BARBARA ACKLIN + JACKIE WILSON: DOING THEIR THING


Barbara Acklin: I Can’t Do My Thing
To Sir, With Love
From I Did It (Brunswick, 1970)

Jackie Wilson: Go Away
I Get Lonely Sometimes
From Beautiful Day (Brunswick, 1973)

If you’re looking for soul records, it’s inevitable that you’re eventually going to cross paths with Brunswick. In the R&B world, the label is best known for its association with Jackie Wilson but at various points in history, they were also home to Young Holt Unlimited, Barbara Acklin, Willie Henderson, the Chi-Lites, The Lost Generation, even Lionel Hampton, Orlando Marin and bounce/rock/skaters Vaughn Mason and Crew. (By 1973, Brunswick was also distributing Dakar, founded by Brunswick employee Carl Davis). Altogether, it’s not the most prolific catalog but it’s hard to complain about the quality of the output.

This isn’t meant to be some definitive Brunswick post but I’ve been meaning to write up these two LPs for a while now and it seemed like a good reason to at least talk a bit about the label. Acklin’s album for them is surprisingly under the radar to me. Erma Franklin’s lone Brunswick album, Soul Sister tends to be regarded better and Acklin’s Seven Days of Night (the one with “Am I the Same Girl”) is better known. But for a funk-influenced soul LP of the early ’70s, you could do far worse than I Did It which includes a stone-cold classic in “I Can’t Do My Thing.” Everything about this cut is a gem – the strings, the hard guitars, Acklin’s sweet voice floating over that funky, raucous rhythm section. I was going to include “I’m Living With a Memory,” another funky soul cut but I was so drawn to hearing Acklin handle Lulu’s “To Sir, With Love” that I wanted to include it instead, just for contrast.

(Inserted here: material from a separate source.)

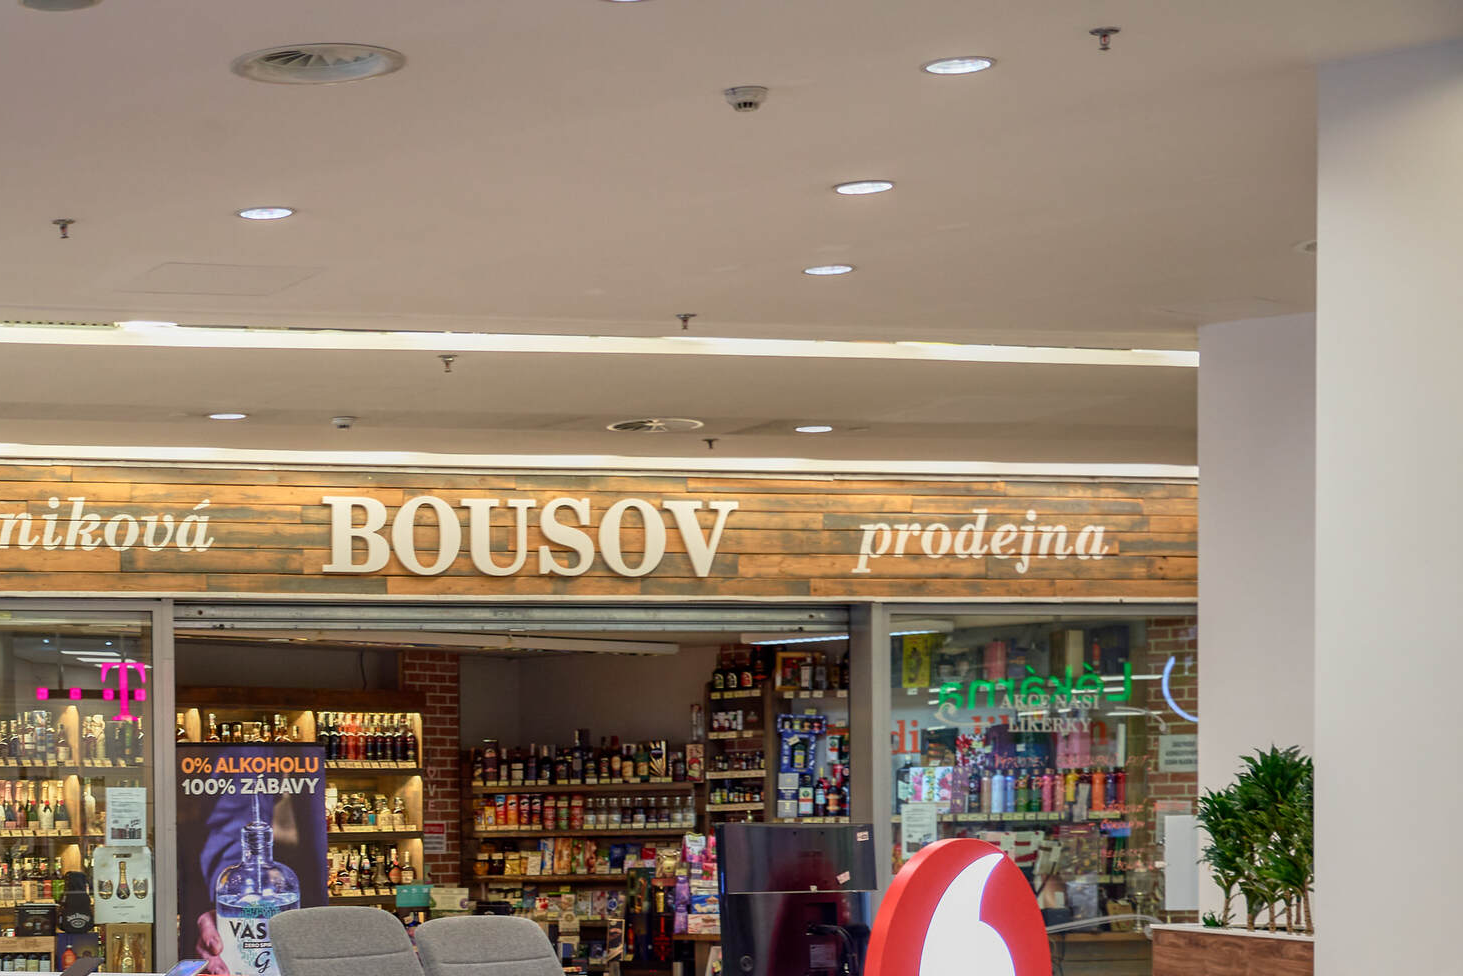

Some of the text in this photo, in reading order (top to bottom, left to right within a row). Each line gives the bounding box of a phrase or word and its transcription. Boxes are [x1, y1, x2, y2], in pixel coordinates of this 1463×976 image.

As for Jackie Wilson’s Beautiful Day, one could say it marked the beginning of his career decline; it was the first LP of his in nearly 3 years and within three more years, Wilson recorded his last LP. To be sure, Beautiful Day isn’t going to match up with the likes of his best years but it is interesting to hear him try to meld into the emergent R&B aesthetics of the 1970s. “I Get Lonely Sometimes” and “Go Away” could have easily one out of Philly Int’l or the pen of Barry White, only with Wilson’s incredible, signature voice bearing down on them.